An Introduction to Sondheim’s Life and Art

The essential fact in understanding Stephen Sondheim is that he is a classically trained composer who chose the theatre over the concert hall and Broadway over the opera house: as if Claude Debussy had written musicals. Further, because of expert verbal skills, Sondheim decided to write his own lyrics: as if Debussy had been as much a wit and poet as a musician.

Born the only child of an upper-middle-class family in New York City in 1930, Sondheim enjoyed the advantage of private schooling, a wide cultural perspective, and a secular worldview, free of the occult confusions that religion invents. The Sondheim marriage broke up when Stephen was twelve, and his mother moved with him to Bucks County, Pennsylvania, north of Philadelphia. The area had been colonized by New Yorkers in search of second homes and thus boasted a sub-population of folk connected to the arts; just a year before, in 1941, in the song “Farming,” Cole Porter poked fun at the likes of Katharine Cornell, Fanny Brice, and Clifford Odets shelling peas and driving tractors.
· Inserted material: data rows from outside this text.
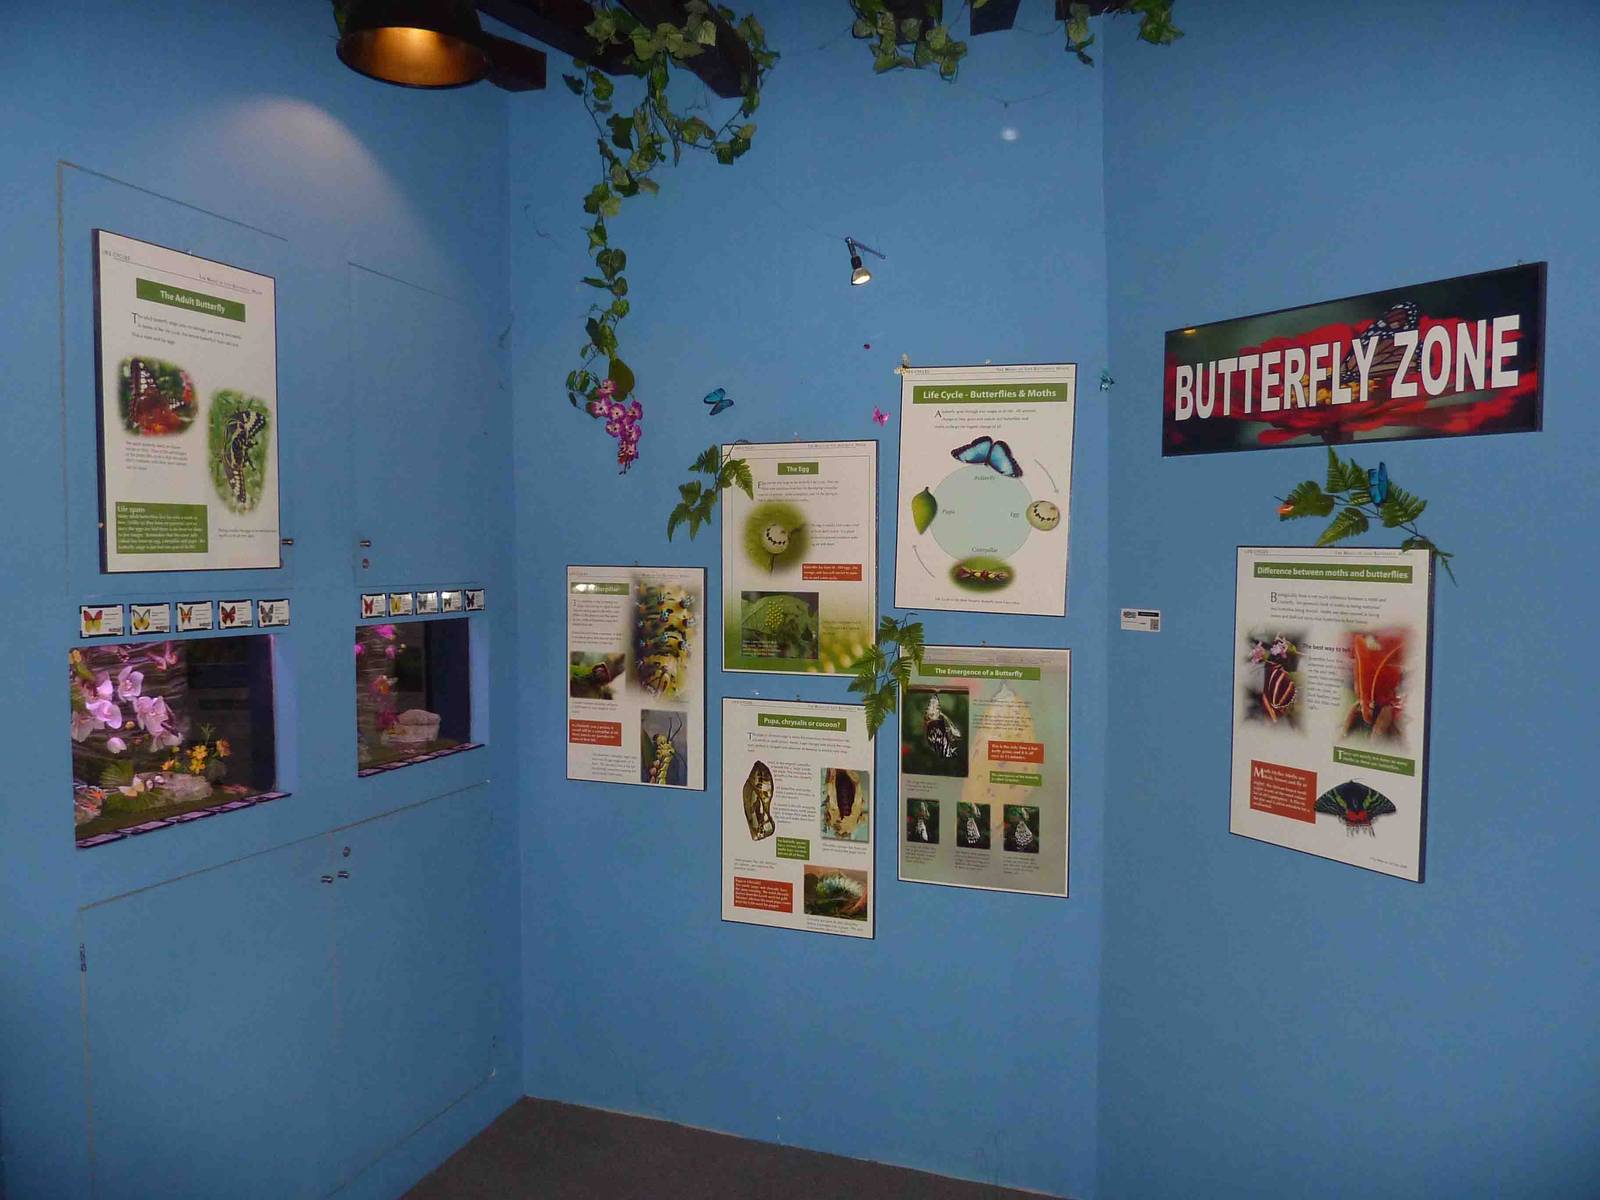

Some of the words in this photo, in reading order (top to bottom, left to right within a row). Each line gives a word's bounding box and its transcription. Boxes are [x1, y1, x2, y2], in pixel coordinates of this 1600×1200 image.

[160, 290, 174, 302] The
[175, 293, 195, 307] Adult
[196, 297, 226, 314] Butterfly
[1175, 336, 1379, 421] BUTTERFLY
[1391, 314, 1520, 399] ZONE
[923, 391, 939, 399] Life
[941, 390, 964, 401] Cycle
[970, 389, 1017, 399] Butterflies
[1018, 390, 1025, 398] &
[1027, 388, 1056, 398] Moths
[798, 466, 810, 474] Egg
[1257, 567, 1292, 576] Difference
[1293, 568, 1324, 577] between
[1325, 569, 1349, 578] moths
[1350, 570, 1365, 578] and
[1366, 570, 1409, 580] butterflies
[935, 667, 947, 675] The
[947, 668, 981, 677] Emergence
[995, 670, 1023, 678] Butterfly
[763, 717, 781, 727] Pupa,
[781, 718, 807, 729] chrysalis
[815, 720, 840, 729] cocoon?
Porter even slipped in an “encoded” line addressed to sophisticates, concerning the failure of George Raft’s cow to produce a calf: “Georgie’s bull is beautiful but he’s gay.” This was the age of the magnificent closet, when the homosexual artist had to observe a cautious etiquette, moving among straights as if one him- or herself and doing what came naturally in secret.
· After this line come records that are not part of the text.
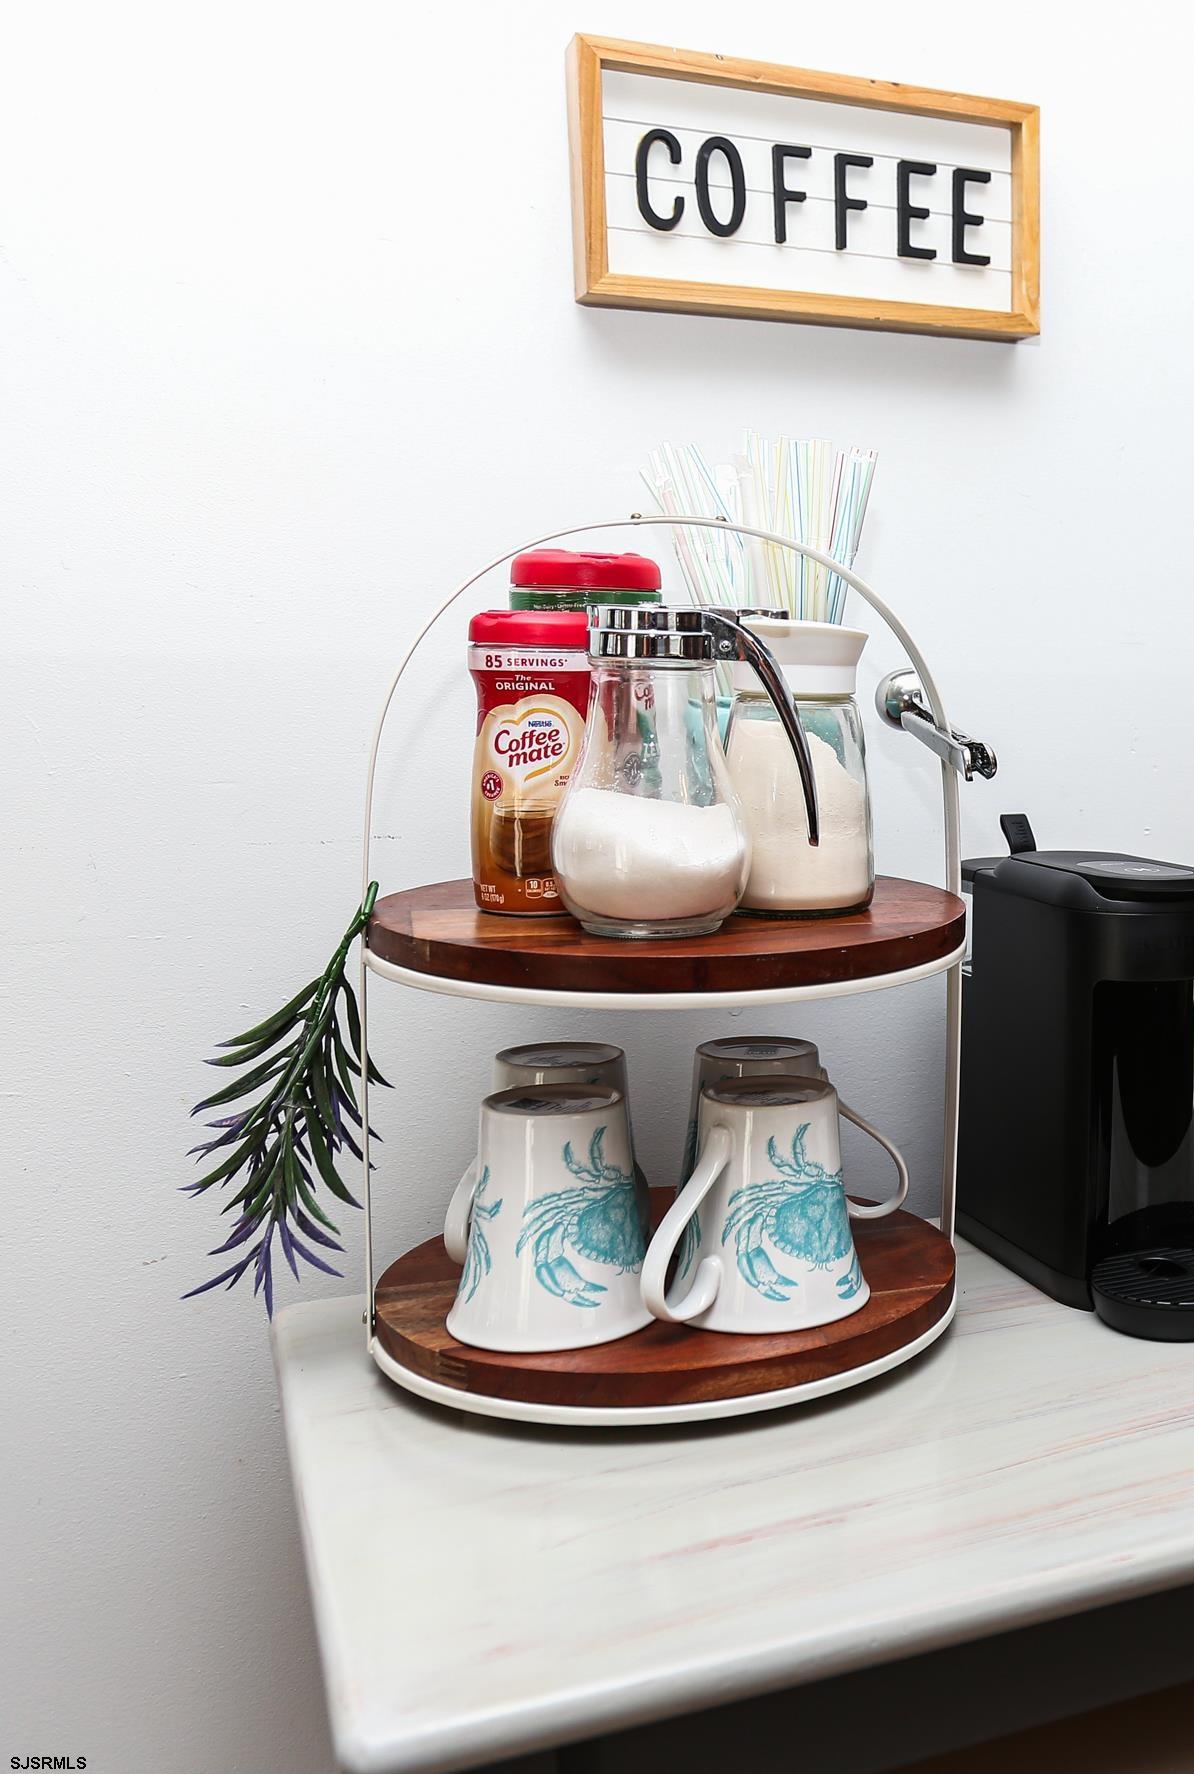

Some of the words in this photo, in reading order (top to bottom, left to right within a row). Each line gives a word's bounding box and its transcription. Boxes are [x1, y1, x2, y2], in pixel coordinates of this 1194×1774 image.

[636, 128, 990, 265] COFFEE
[485, 654, 503, 668] 85
[496, 682, 556, 690] ORIGINAL
[494, 728, 560, 754] Coffee
[508, 742, 563, 768] mate
[530, 880, 538, 888] 10
Some of the Bucks County weekenders so enjoyed the rustic life that they virtually lived in the country; Manhattan was their second home. One such was Oscar Hammerstein, the lyricist-librettist of smash twenties musicals like
Rose-Marie
,
The Desert Song
,
The New Moon
, and, above all,
Show Boat
, to Jerome Kern’s music and the first of the incontestably great American musicals. By this time, 1942, Hammerstein had recently teamed up with Richard Rodgers to write
Oklahoma!
, the first of their pioneering series instituting story content over diversion as the musical’s first element. An enthusiast of the tennis court and the vast sunny calm of a rural morning, Hammerstein maintained an informal hostel in which the guests included his family, a few wards, and young Steve. Mrs. Sondheim had introduced her son to the Hammersteins because James Hammerstein, Oscar’s younger son (the older, Bill, was away in uniform), seemed a likely companion for Steve. Only a year younger, James would presumably share Steve’s arty interests. After all, James represented the fourth generation of a theatrical dynasty. His father was actually named Oscar Hammerstein II: the grandson of Oscar I, a cigar magnate who obsessively plowed his fortune into producing opera and vaudeville on the grand scale. Oscar II’s father and uncle had gone into show business as well.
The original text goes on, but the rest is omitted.